Task item. Repeat the records in full. No pictures belong in the copy.

[Image-backed grounding data]

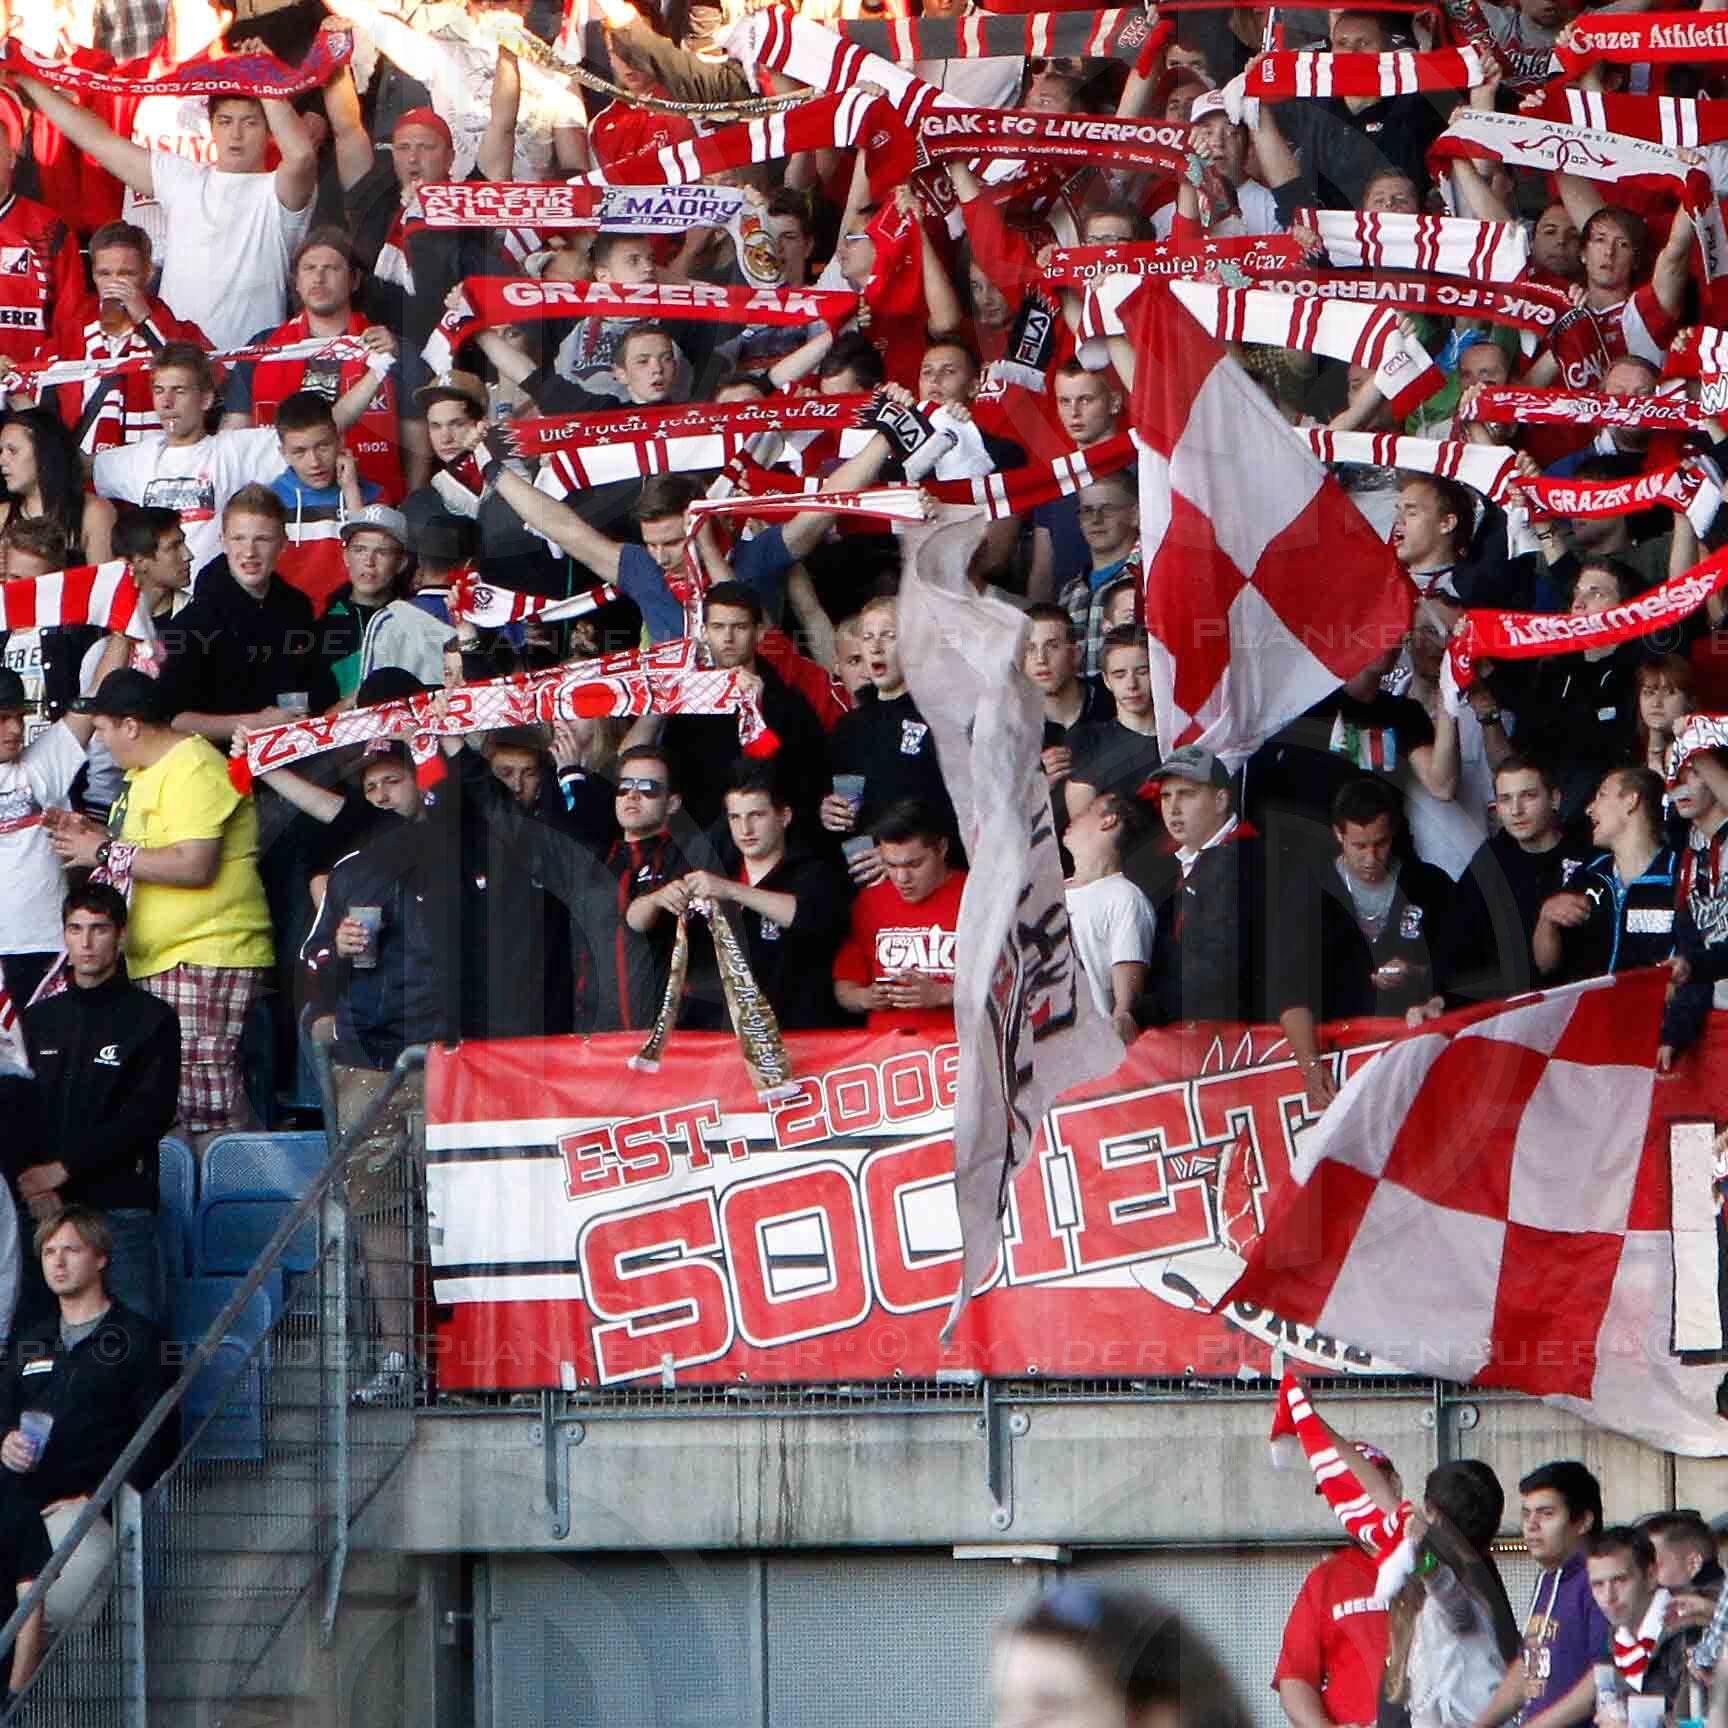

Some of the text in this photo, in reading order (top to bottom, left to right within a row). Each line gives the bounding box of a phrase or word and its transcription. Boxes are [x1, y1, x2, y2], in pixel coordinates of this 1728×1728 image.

[1570, 29, 1644, 54] Grazer
[922, 116, 1188, 150] GAK FC LIVERPOOL
[1244, 251, 1286, 270] Graz
[503, 280, 822, 318] GRAZER AK
[1436, 284, 1472, 304] FC
[1496, 296, 1558, 328] GAK
[1548, 481, 1632, 512] GRAZER
[876, 924, 960, 970] GAK
[558, 1097, 751, 1200] EST.
[576, 1037, 1392, 1384] SOCIET
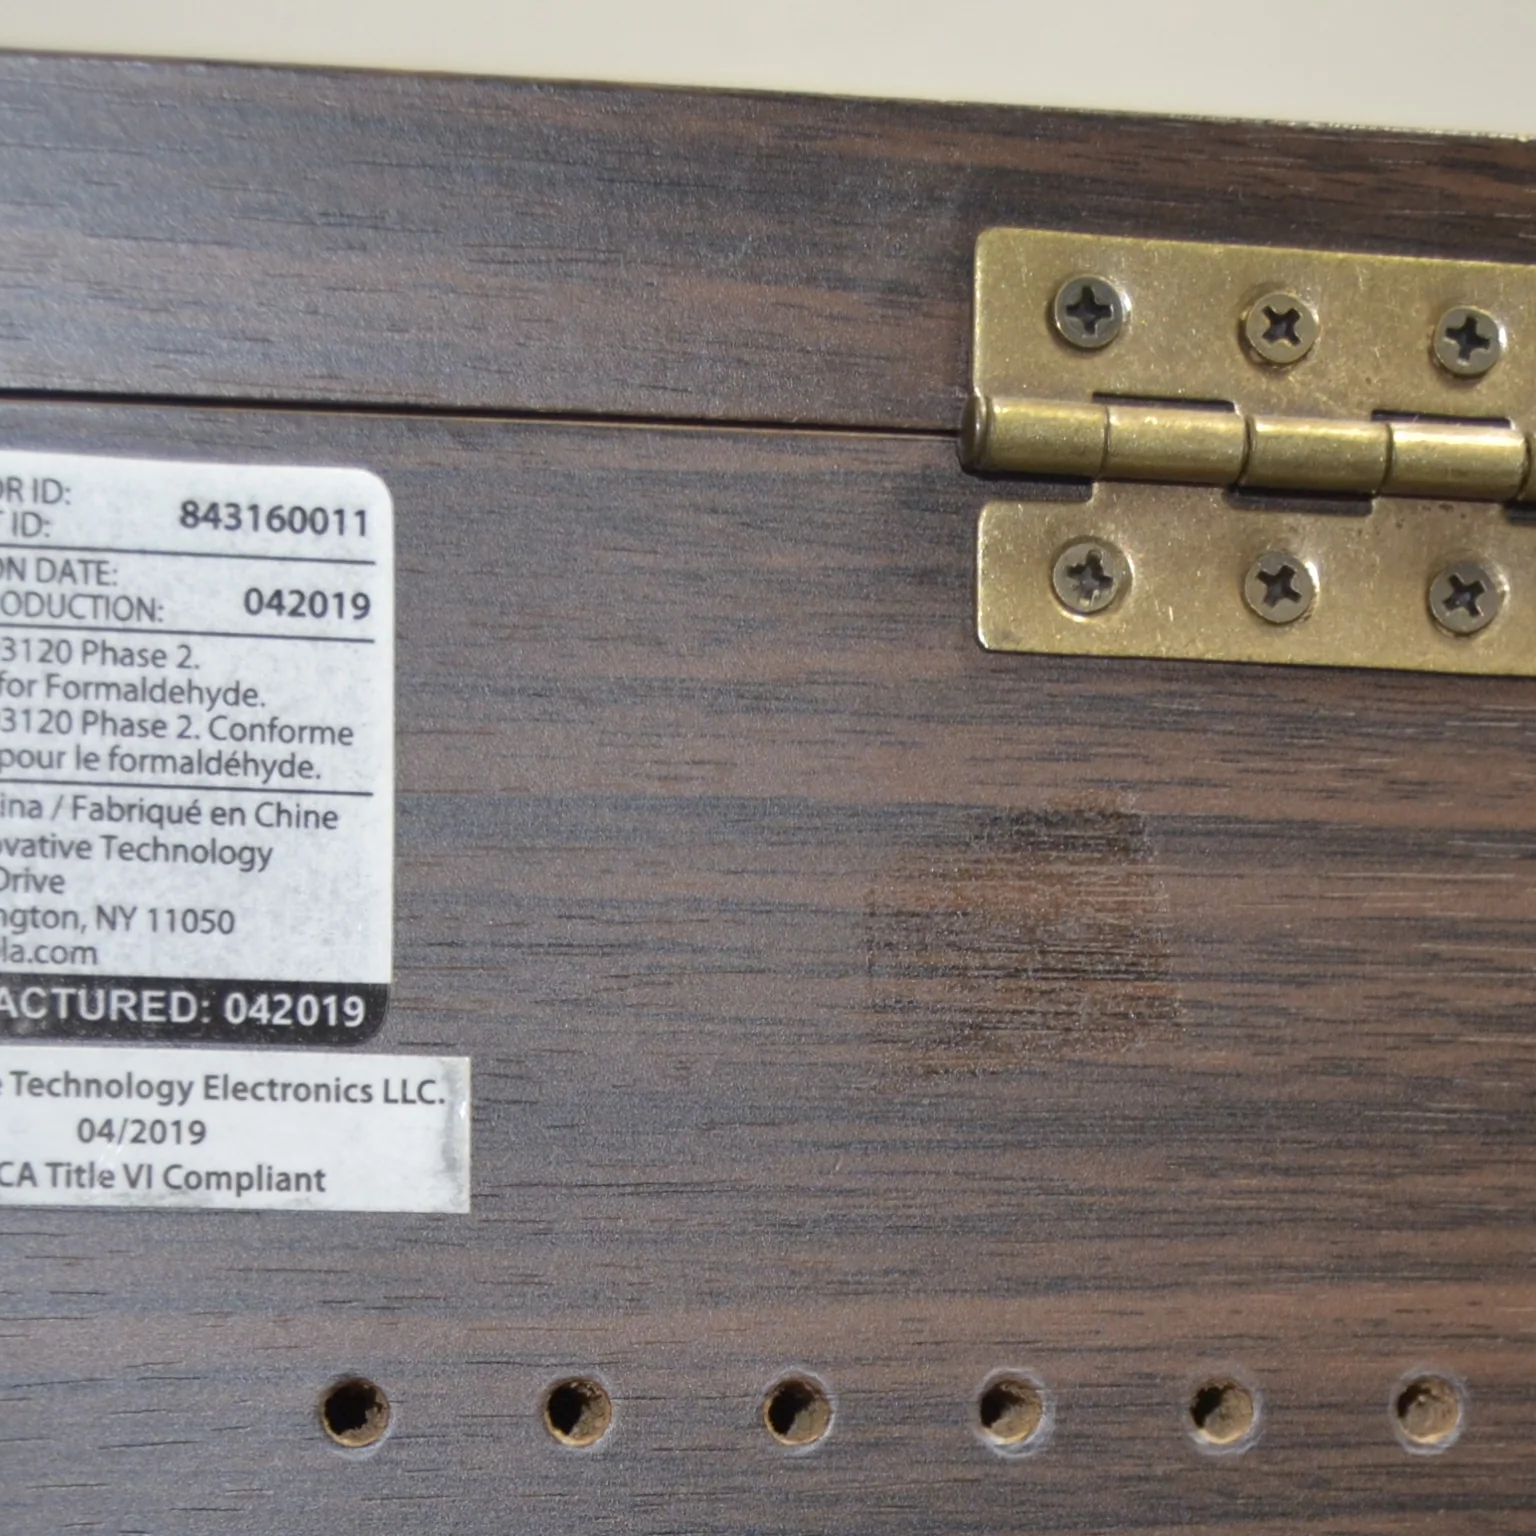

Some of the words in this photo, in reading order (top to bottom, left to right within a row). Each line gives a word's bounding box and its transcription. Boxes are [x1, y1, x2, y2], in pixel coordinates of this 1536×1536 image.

Output of the exercise.
Some of the text in this photo, in reading order (top to bottom, left to right within a row). Each line gives the bounding box of a phrase or word and its transcription. Boxes are [x1, y1, x2, y2], in pixel coordinates of this 1728×1728 image.

[1570, 29, 1644, 54] Grazer
[922, 116, 1188, 150] GAK FC LIVERPOOL
[1244, 251, 1286, 270] Graz
[503, 280, 822, 318] GRAZER AK
[1436, 284, 1472, 304] FC
[1496, 296, 1558, 328] GAK
[1548, 481, 1632, 512] GRAZER
[876, 924, 960, 970] GAK
[558, 1097, 751, 1200] EST.
[576, 1037, 1392, 1384] SOCIET

Some of the words in this photo, in reading order (top to bottom, left to right within a row). Each line gives a word's bounding box and its transcription. Boxes are [x1, y1, x2, y2], in pixel coordinates of this 1536×1536 image.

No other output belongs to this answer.